Ronald Crispin Gill was born on March 10th 1916 in Portland Place, Plymouth, to Mr Joseph Henry Gill, a joiner, and his wife, the former Miss Margaret Jane Crispin.  They had married at the King Street Wesleyan Methodist Chapel on August 6th 1910.

He was educated at Hyde Park Road School and then at the Corporation Grammar School under Mr Charles William Bracken (1868-1950), who in 1932 published a single-volume history of Plymouth, Stonehouse and Devonport.

Upon leaving school at the age of 18, Mr Gill became an apprentice staff reporter on both the "Western Morning News" and the "Western Evening Herald".  On August 5th 1939 Mr Ronald Crispin Gill, then a sub-editor, married Miss Mary Beatrice Grills Foot, the niece of Mr Isaac Foot, the Plymouth solicitor and father of Mr Michael Foot, at Greenbank Road Wesleyan Methodist Chapel.

At the outbreak of the Second World War he volunteered to join the Royal Navy but was rejected because he wore glasses.  So instead, he joined the Royal Army Pay Corps, from which he transferred to the Royal Army Service Corps, where he served on one of their motor launches.  In due course he was commissioned and commanded one of the Army's first Fairmile motor launches.

In 1941 Mrs Gill, who was known as "Molly", presented him with his first daughter, Jane E Gil, and followed that in 1944 with their only son, Crispin Owen Gill (1944-2001).

Mr Gill was demobbed in 1946 having reached the rank of Captain.  He re-joined the Western Morning News Company as deputy chief sub-editor and a few months later became the chief sub-editor.

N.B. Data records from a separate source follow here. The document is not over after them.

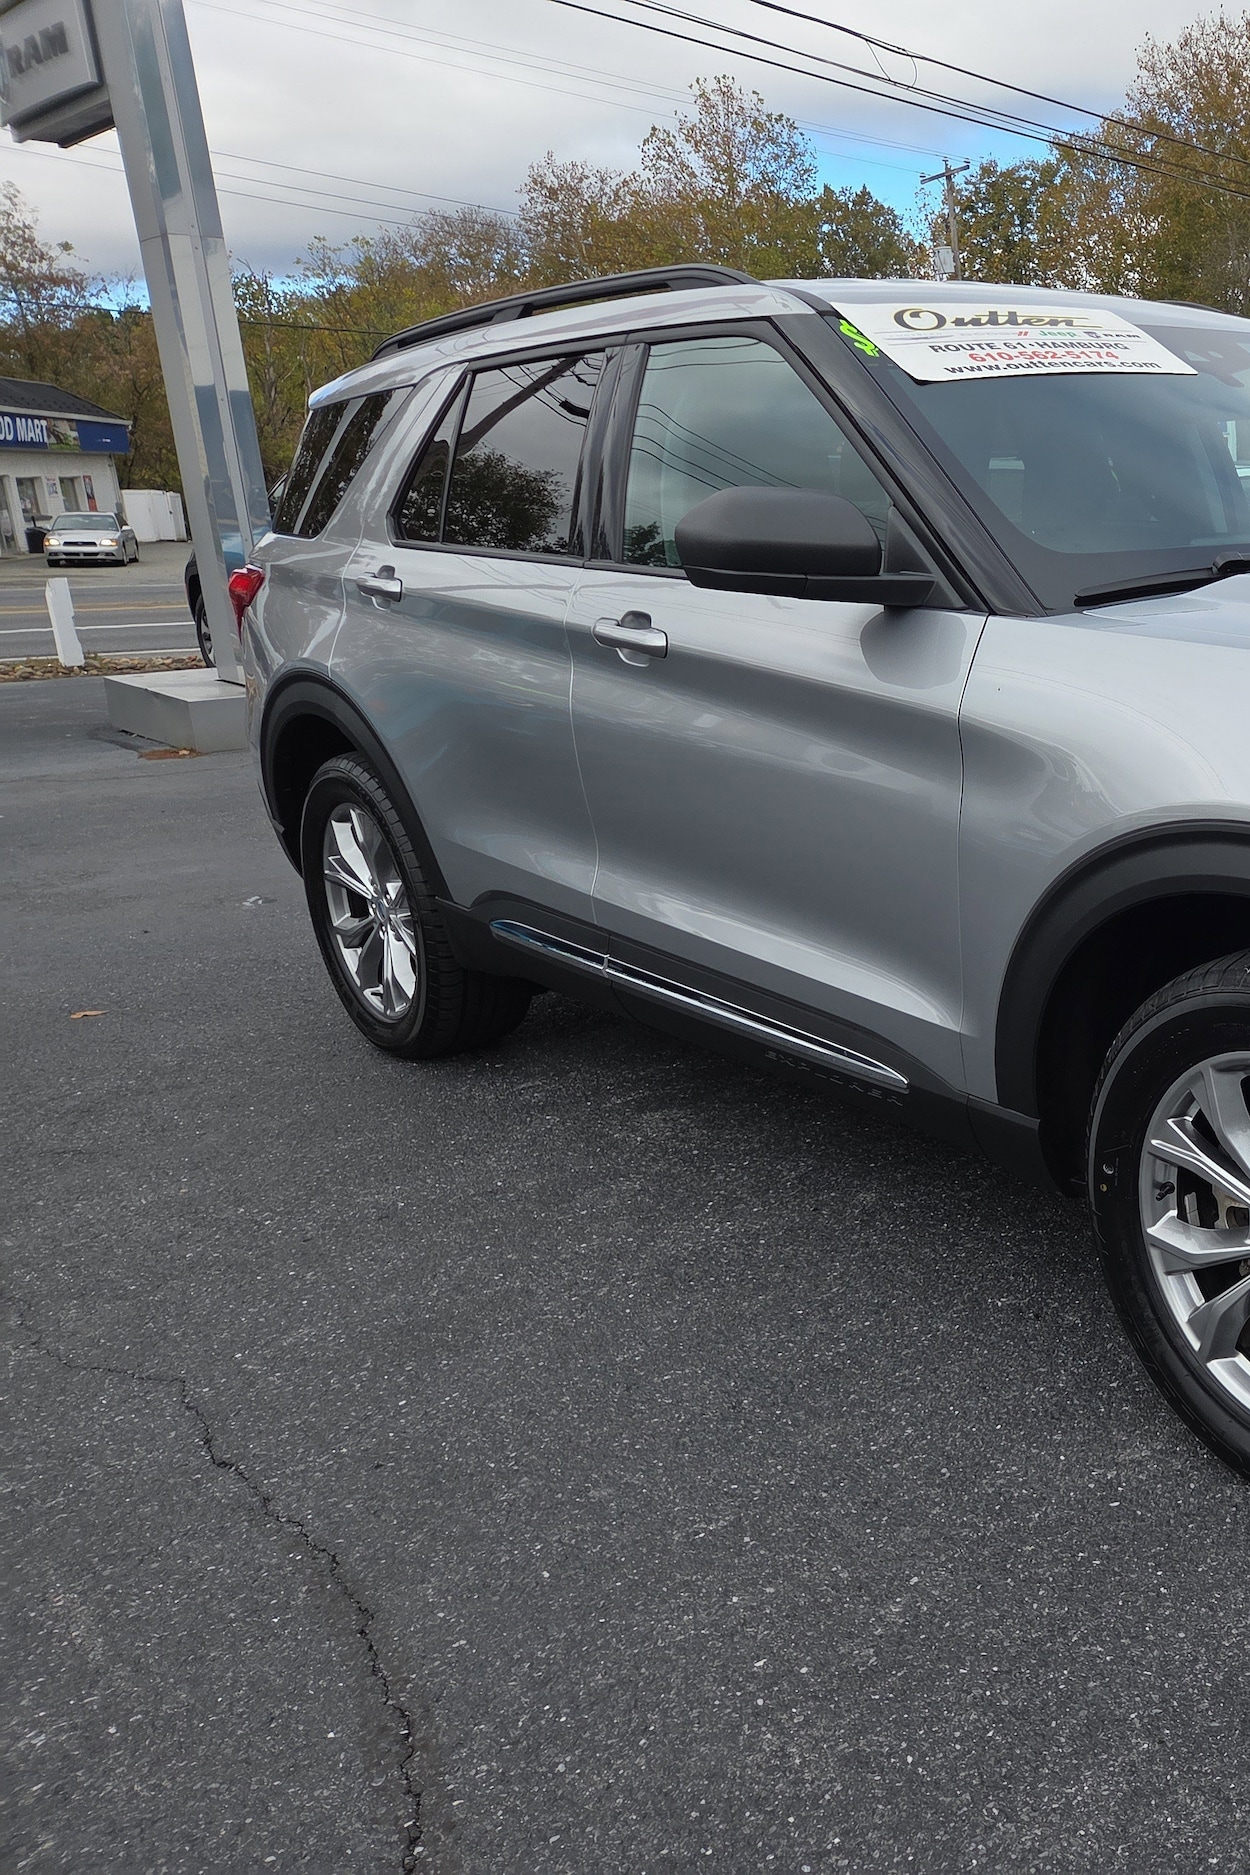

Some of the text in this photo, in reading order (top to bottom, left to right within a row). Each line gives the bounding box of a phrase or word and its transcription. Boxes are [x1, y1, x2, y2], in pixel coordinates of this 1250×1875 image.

[6, 20, 70, 79] RAM
[893, 308, 1098, 331] Outten
[929, 342, 1006, 353] ROUTE
[968, 350, 1119, 363] 610-562-5174
[944, 359, 1162, 375] www.outtencars.com
[16, 417, 48, 443] MART

In 1949 he and Beatrice were gifted with another daughter, Sarah M F Gill, and in 1950 Mr Gill became assistant editor of the "Western Morning News".

In 1971, following the death of his wife, he was drawn away from his native City to Burford in Oxfordshire, when he was offered the editorship of "The Countryman", taking that magazine to its highest ever circulation.  In 1976 he edited "The Countryman's Britain" to celebrate the magazine's half-century and followed that with "The Countryman's Britain in Pictures".

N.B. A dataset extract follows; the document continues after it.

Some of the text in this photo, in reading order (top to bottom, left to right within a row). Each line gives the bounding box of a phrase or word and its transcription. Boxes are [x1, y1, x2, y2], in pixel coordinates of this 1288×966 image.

Crispin Gill contributed to the life of Plymouth not only through his journalism but also by his work for the YMCA, scouting, yachting, the Church, the Barbican Association, the Devon History Society, the Old Plymouth Society and the Dartmoor National Park Committee.  He wrote several booklets of specialised history and in 1966 produced the first volume of "Plymouth - A New History" for Messrs David and Charles Limited.  It was so detailed that it only covered the period from the Ice Age to the Elizabethans.  The second volume, published in 1979, was less detailed and crammed the remainder of Plymouth's history into one volume.

His other titles included "Sutton Harbour" and "Plymouth River".

He was awarded the OBE when he retired from journalism in 1981 and an honorary doctorate by the University of Plymouth in 1995.

Ronald Crispin Gill died on Wednesday November 24th 2004 at the age of 88 and was survived by his third wife, Mrs Ana Quintero Gill, and four grandchildren.  The funeral took place at Saint Andrew's Church on December 4th 2004.